TASK DESCRIPTION
Would you please reproduce all the entries word for word, minus the pictures?

LISTED RECORDS

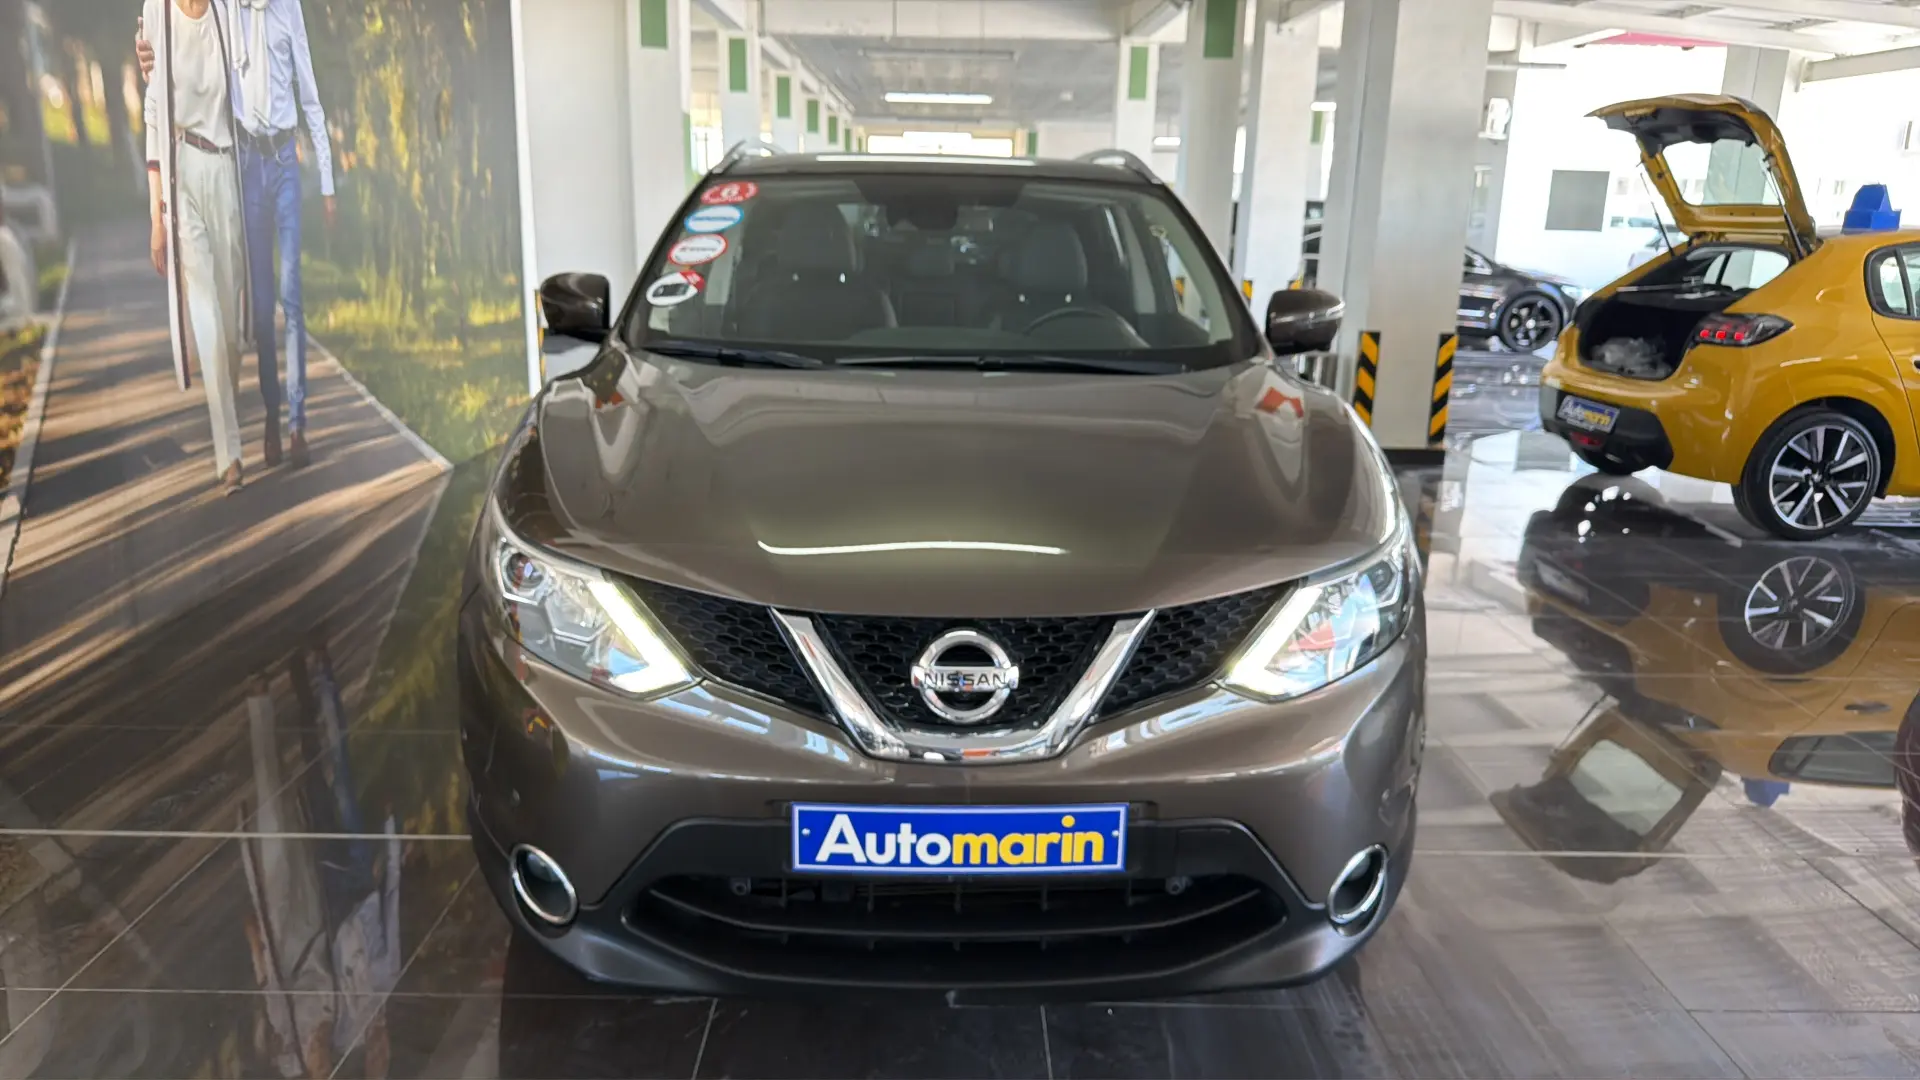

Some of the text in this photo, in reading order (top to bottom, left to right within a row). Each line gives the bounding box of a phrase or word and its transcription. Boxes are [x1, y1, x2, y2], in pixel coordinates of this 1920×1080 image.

[1562, 400, 1612, 426] Automarin
[924, 672, 1006, 686] NISSAN
[815, 813, 1105, 865] Automarin
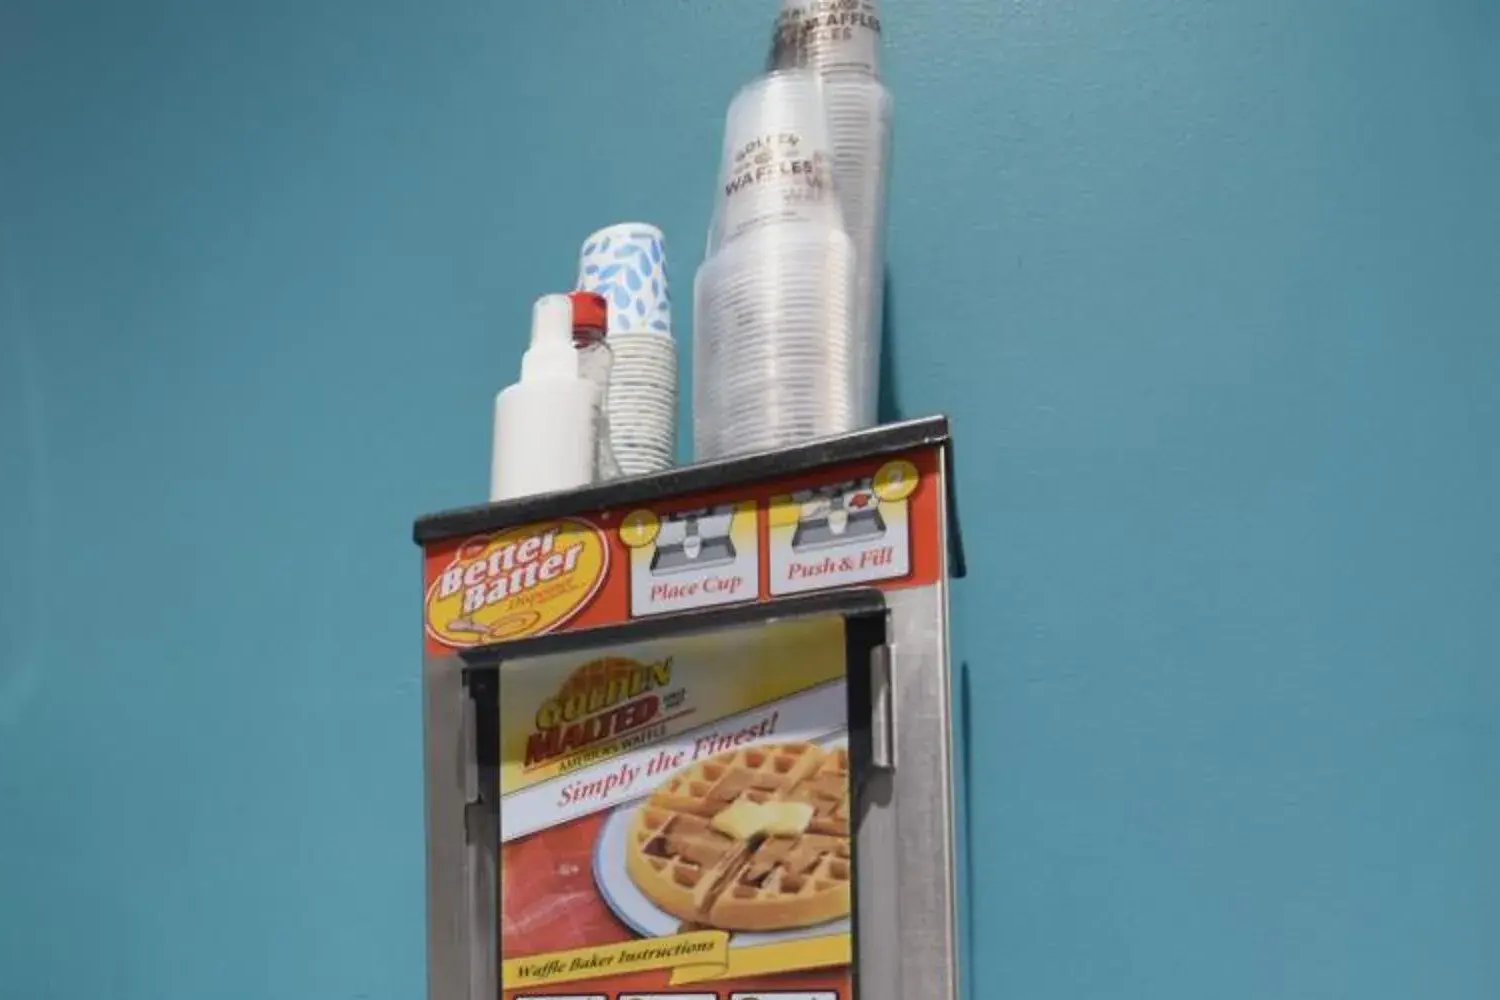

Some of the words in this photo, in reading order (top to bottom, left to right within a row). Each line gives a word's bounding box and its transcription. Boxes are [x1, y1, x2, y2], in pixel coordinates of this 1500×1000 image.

[439, 529, 559, 600] Better
[463, 542, 583, 614] Batter
[650, 580, 699, 602] Place
[701, 574, 743, 596] Cup
[787, 557, 837, 580] Push
[835, 555, 853, 572] &
[858, 548, 894, 570] Fill
[557, 765, 641, 808] Simply
[647, 751, 685, 778] the
[691, 712, 779, 760] Finest!
[516, 960, 566, 979] Waffle
[569, 954, 614, 974] Baker
[618, 939, 716, 964] Instructions

ANSWER TO THE EXERCISE
Some of the text in this photo, in reading order (top to bottom, left to right within a row). Each line gives the bounding box of a phrase or word and its transcription. Boxes are [x1, y1, x2, y2], in pixel coordinates of this 1920×1080 image.

[1562, 400, 1612, 426] Automarin
[924, 672, 1006, 686] NISSAN
[815, 813, 1105, 865] Automarin

Some of the words in this photo, in reading order (top to bottom, left to right within a row). Each line gives a word's bounding box and its transcription. Boxes are [x1, y1, x2, y2], in pixel coordinates of this 1500×1000 image.

[439, 529, 559, 600] Better
[463, 542, 583, 614] Batter
[650, 580, 699, 602] Place
[701, 574, 743, 596] Cup
[787, 557, 837, 580] Push
[835, 555, 853, 572] &
[858, 548, 894, 570] Fill
[557, 765, 641, 808] Simply
[647, 751, 685, 778] the
[691, 712, 779, 760] Finest!
[516, 960, 566, 979] Waffle
[569, 954, 614, 974] Baker
[618, 939, 716, 964] Instructions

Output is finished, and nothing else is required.